Nel Trecento, tuttavia, i medici (i maestri della Facoltà di Medicina di Parigi, Jacme d’Agramont, Gentile da Foligno, Giovanni della Penna, ecc.) furono incapaci di spiegare entro lo schema nosologico ippocratico-galenico, e quindi su base umorale, la pandemia di Peste nera (1347-1350), descritta da Boccaccio nel Decameron. La ricca trattatistica sul tema (i cosiddetti Pestschriften) evidenzia chiaramente quanto i discorsi sulla peste fossero viziati da un approccio pre-laboratoriale (il bacillo della peste fu scoperto da Alexander Yersin solo nel 1894). Le misure preventive e le terapie suggerite sortirono effetti scarsi o nulli sulla diffusione. Medici e filosofi della natura credettero di identificare le cause del morbo nei fattori astrologici (le cause remote) o nella corruzione dell’aria di varia origine (le cause prossime), mentre nessuno sospettò il ruolo giocato dalle pulci dei ratti infetti come vettori del contagio di peste bubbonica. I medici rimasero anche piuttosto scettici sulla possibilità di una trasmissione per via aerea da uomo a uomo (peste polmonare). Anche i meccanismi dell’infezione dell’organismo rimasero sostanzialmente incompresi.

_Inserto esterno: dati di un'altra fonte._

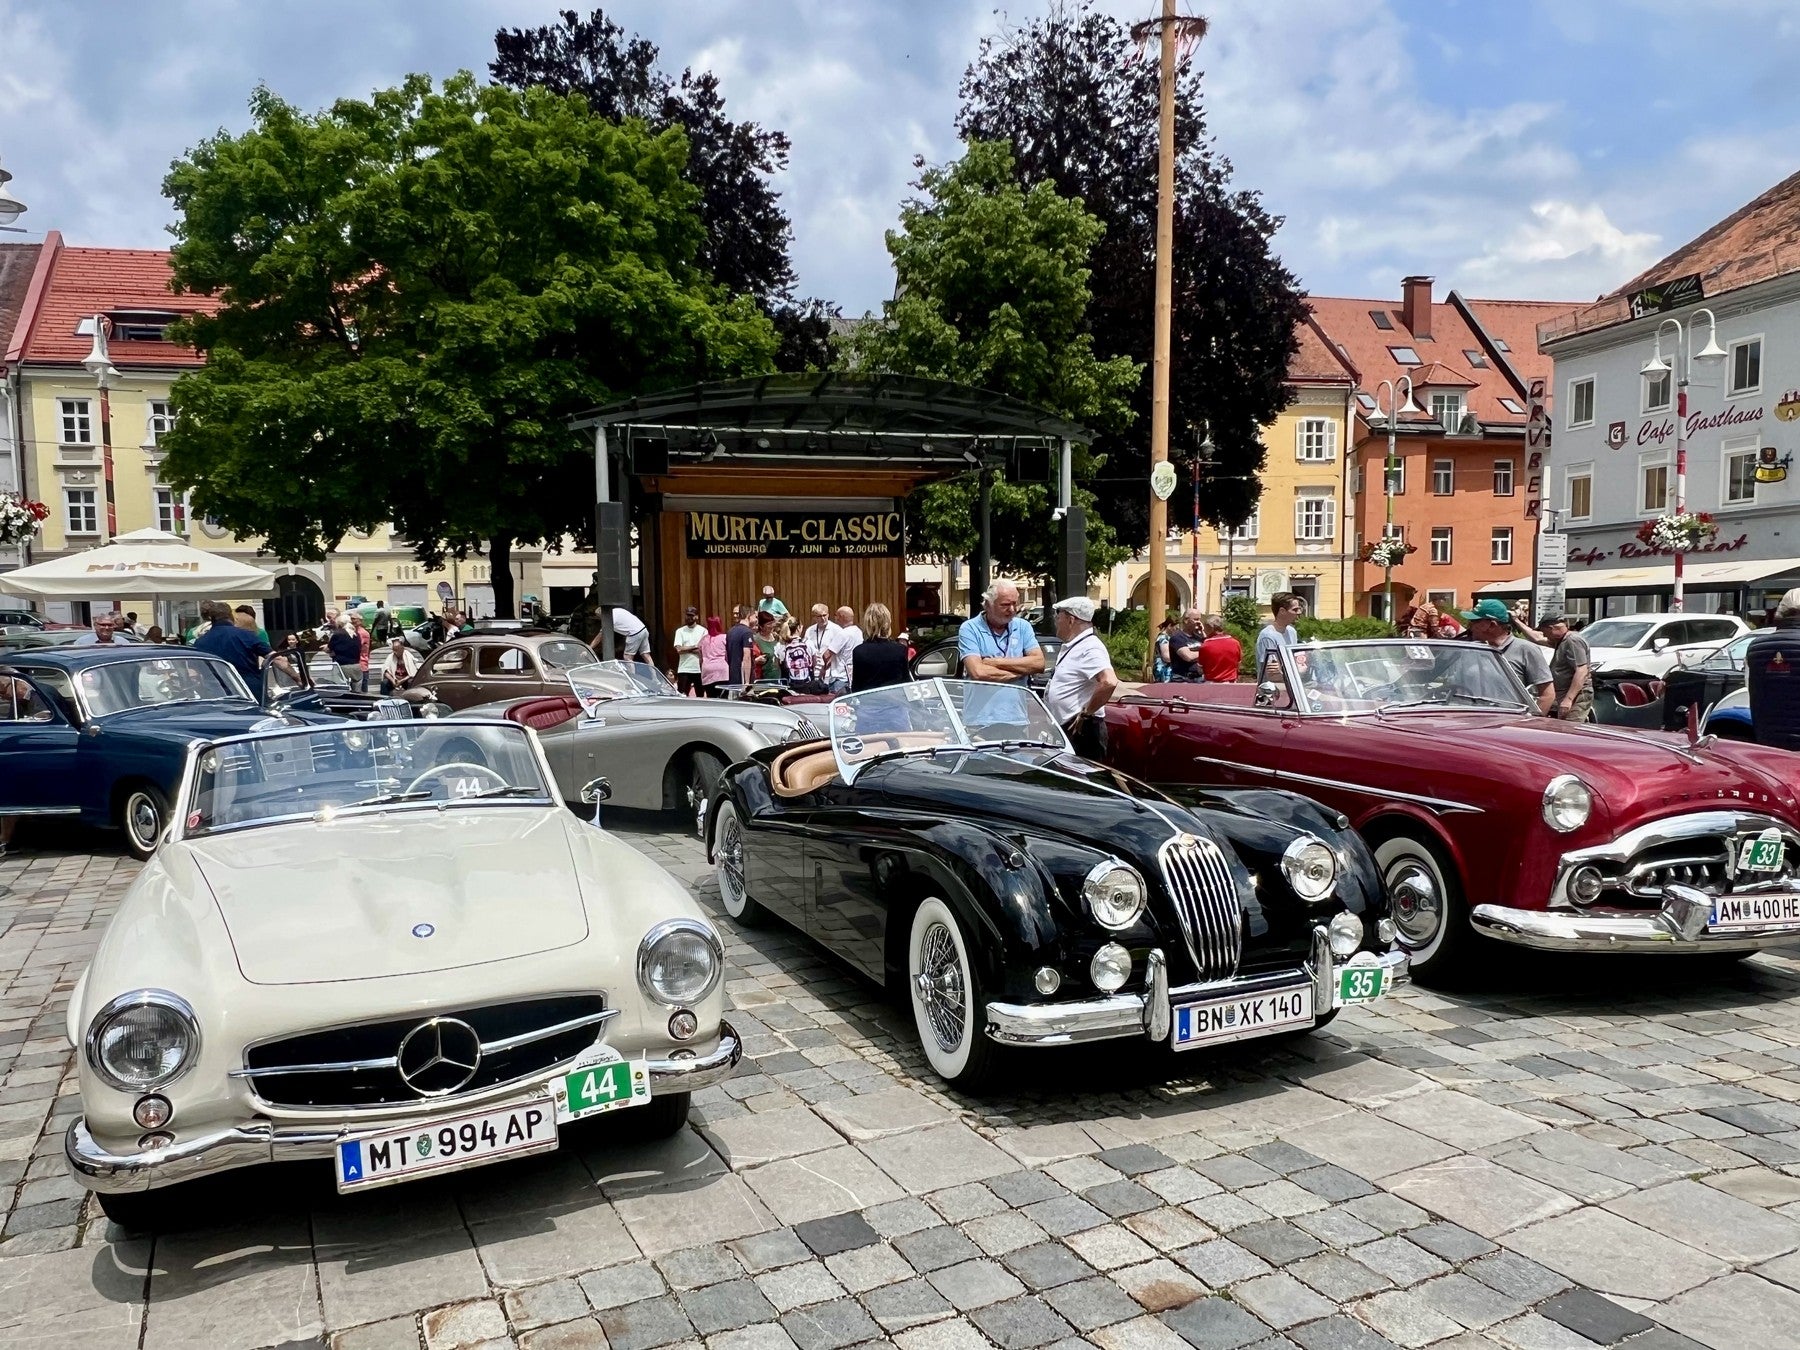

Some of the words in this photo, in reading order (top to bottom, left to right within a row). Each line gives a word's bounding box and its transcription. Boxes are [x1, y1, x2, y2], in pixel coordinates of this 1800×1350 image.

[1637, 419, 1674, 446] Cafe
[1685, 404, 1764, 440] Gasthaus
[690, 511, 900, 541] MURTAL-CLASSIC
[704, 544, 767, 554] JUDENBURG
[789, 545, 798, 553] 7.
[800, 544, 822, 553] JUNI
[829, 545, 841, 553] ab
[909, 683, 931, 700] 35
[455, 776, 482, 797] 44
[1756, 843, 1776, 865] 33
[1720, 900, 1742, 921] AM
[1753, 899, 1781, 920] 400
[1783, 898, 1800, 919] HE
[1348, 971, 1375, 997] 35
[1197, 1006, 1223, 1033] BN
[1240, 999, 1264, 1027] XK
[1269, 993, 1301, 1020] 140
[580, 1067, 618, 1103] 44
[348, 1165, 358, 1176] A
[369, 1136, 411, 1172] MT
[438, 1119, 498, 1157] 994
[505, 1109, 543, 1145] AP

Ai vani tentativi di razionalizzazione da parte della scienza medievale si contrapposero varie spiegazioni soprannaturalistiche e isteriche. Come già era accaduto con la peste giustinianea nell’Alto Medioevo, anche la Peste nera fu spesso considerata una punizione collettiva inflitta da Dio agli uomini per i loro misfatti e fu interpretata escatologicamente come il preannuncio dell’apocalisse. Su questo sfondo diventano comprensibili le invocazioni dei santi e della Vergine, i riti pubblici di pentimento e le pratiche di automortificazione. Il senso di una catastrofe imminente allentò il rispetto delle norme morali e delle convenzioni sociali e fu all’origine di insensati bagordi. Il bisogno di trovare le cause della peste partorì vari capri espiatori: i lebbrosi, gli stranieri, i ricchi e, soprattutto, gli Ebrei, contro i quali furono messi in atto frequenti pogrom.

Il convegno “Prospettive mediche e filosofiche sulla malattia nel medioevo”, svoltosi presso il Dipartimento di Lettere e Filosofia dell’Università degli Studi di Trento nei giorni 3 e 4 novembre 2021, organizzato dal professor Alessandro Palazzo e dalla dottoressa Francesca Bonini, ha indagato la concezione medievale di malattia e di cura. L’evento, parte del progetto postdoc “Agostino da Trento: peste e astrologia nel Trecento trentino”, supportato da Fondazione Caritro, ha analizzato le intersezioni e le connessioni tra la medicina, la filosofia e le altre scienze in epoca medievale.